> [YOUR GOAL]:
A faithful copy of the entries, without any pictures, is what is needed here.

┌─ INFORMATION PROVIDED

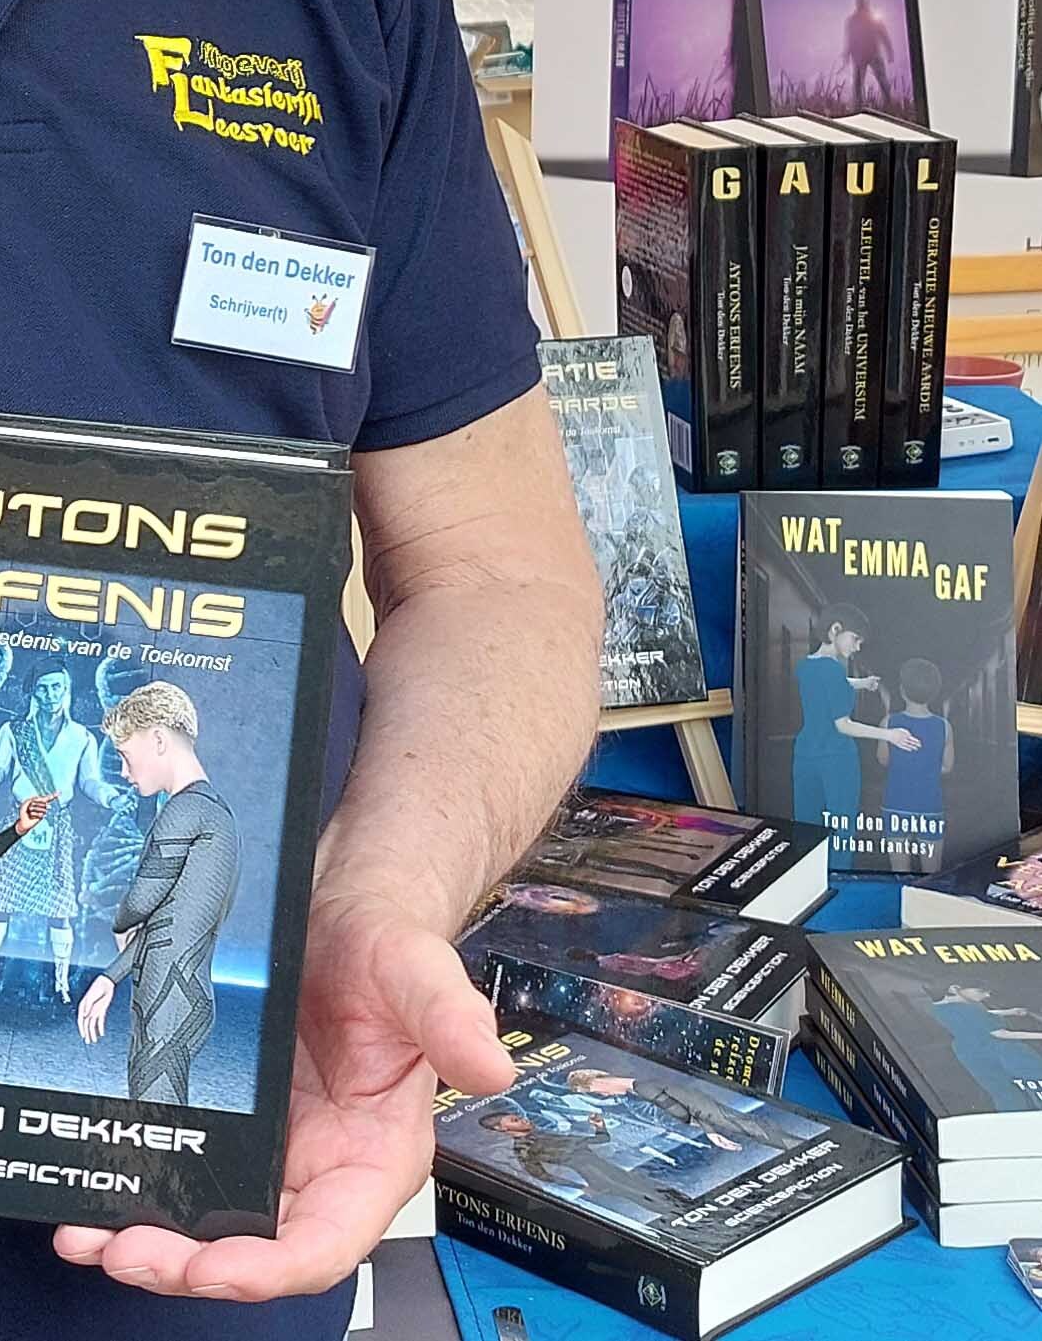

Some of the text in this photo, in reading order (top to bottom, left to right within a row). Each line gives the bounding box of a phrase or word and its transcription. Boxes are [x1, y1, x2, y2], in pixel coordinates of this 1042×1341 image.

[712, 158, 939, 199] G A U L
[201, 242, 356, 289] Ton den Dekker
[793, 244, 808, 282] JACK
[859, 217, 873, 285] SLEUTEL
[209, 294, 288, 324] Schrijver(t)
[795, 286, 808, 295] is
[729, 260, 742, 389] AYTONS ERFENIS
[918, 217, 940, 413] OPERATIE NIEUWE AARDE
[794, 328, 807, 374] NAAM
[854, 332, 868, 422] UNIVERSUM
[781, 516, 988, 602] WAT EMMA GAF
[66, 640, 103, 658] van
[107, 641, 132, 661] de
[139, 644, 232, 673] Toekomst
[599, 651, 669, 670] EKKER
[822, 811, 945, 835] Ton den Dekker
[833, 835, 935, 858] Urban fantasy
[692, 827, 778, 894] TON DEN DEKKER
[703, 973, 733, 996] DEN
[726, 935, 774, 974] DEKKER
[853, 937, 1041, 964] WAT EMMA
[17, 1109, 207, 1156] DEKKER
[671, 1140, 840, 1227] TON DEN DEKKER
[724, 1163, 844, 1227] SCIENCEFICTION
[436, 1182, 567, 1252] YTONS ERFENIS
[456, 1211, 534, 1255] Ton den Dekker
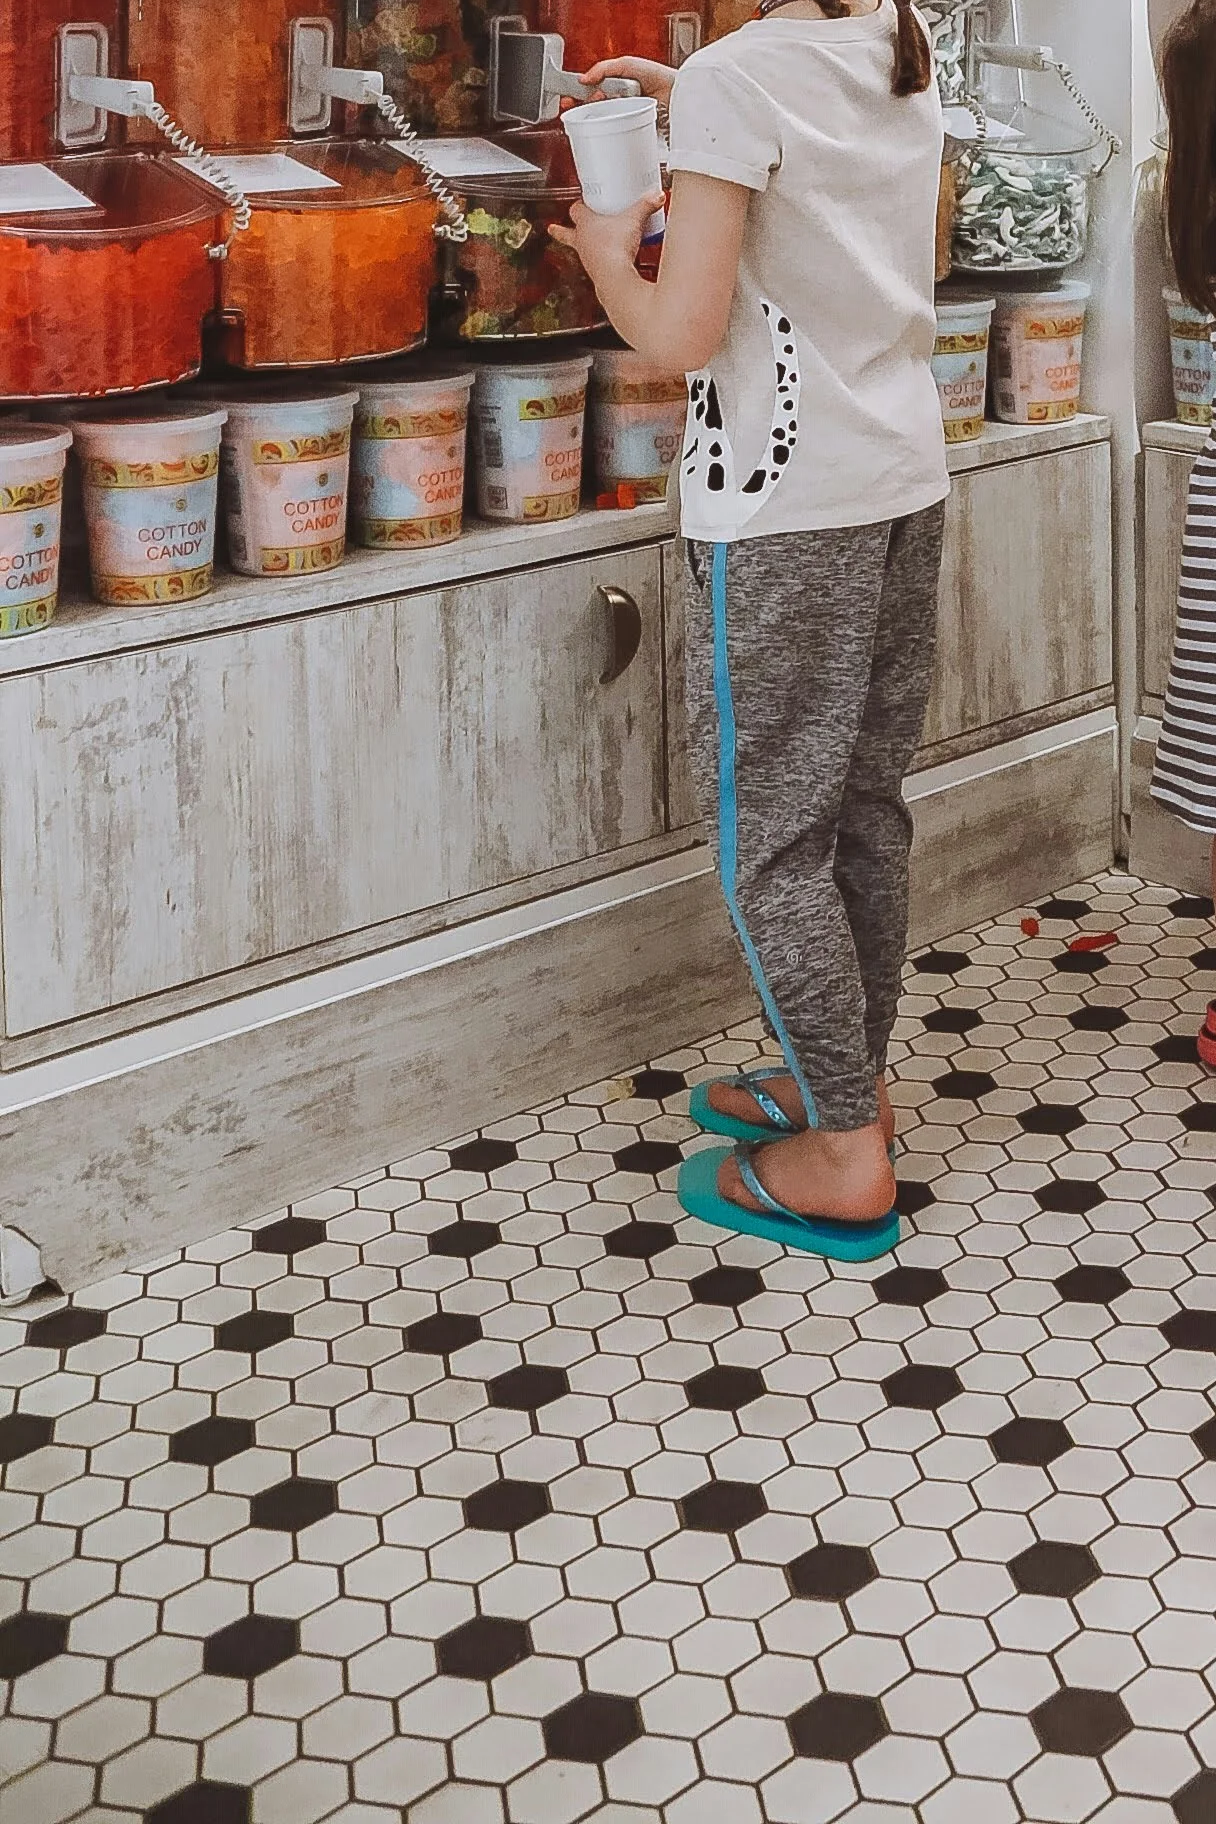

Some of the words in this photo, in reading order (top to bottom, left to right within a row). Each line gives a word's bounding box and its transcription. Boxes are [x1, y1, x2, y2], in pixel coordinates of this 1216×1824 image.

[418, 467, 463, 487] COTTO
[138, 519, 207, 543] COTTON
[146, 539, 202, 561] CANDY

└─

> [RESULT]:
Some of the text in this photo, in reading order (top to bottom, left to right within a row). Each line gives the bounding box of a phrase or word and its transcription. Boxes are [x1, y1, x2, y2], in pixel coordinates of this 1042×1341 image.

[712, 158, 939, 199] G A U L
[201, 242, 356, 289] Ton den Dekker
[793, 244, 808, 282] JACK
[859, 217, 873, 285] SLEUTEL
[209, 294, 288, 324] Schrijver(t)
[795, 286, 808, 295] is
[729, 260, 742, 389] AYTONS ERFENIS
[918, 217, 940, 413] OPERATIE NIEUWE AARDE
[794, 328, 807, 374] NAAM
[854, 332, 868, 422] UNIVERSUM
[781, 516, 988, 602] WAT EMMA GAF
[66, 640, 103, 658] van
[107, 641, 132, 661] de
[139, 644, 232, 673] Toekomst
[599, 651, 669, 670] EKKER
[822, 811, 945, 835] Ton den Dekker
[833, 835, 935, 858] Urban fantasy
[692, 827, 778, 894] TON DEN DEKKER
[703, 973, 733, 996] DEN
[726, 935, 774, 974] DEKKER
[853, 937, 1041, 964] WAT EMMA
[17, 1109, 207, 1156] DEKKER
[671, 1140, 840, 1227] TON DEN DEKKER
[724, 1163, 844, 1227] SCIENCEFICTION
[436, 1182, 567, 1252] YTONS ERFENIS
[456, 1211, 534, 1255] Ton den Dekker

Some of the words in this photo, in reading order (top to bottom, left to right within a row). Each line gives a word's bounding box and its transcription. Boxes are [x1, y1, x2, y2], in pixel coordinates of this 1216×1824 image.

[418, 467, 463, 487] COTTO
[138, 519, 207, 543] COTTON
[146, 539, 202, 561] CANDY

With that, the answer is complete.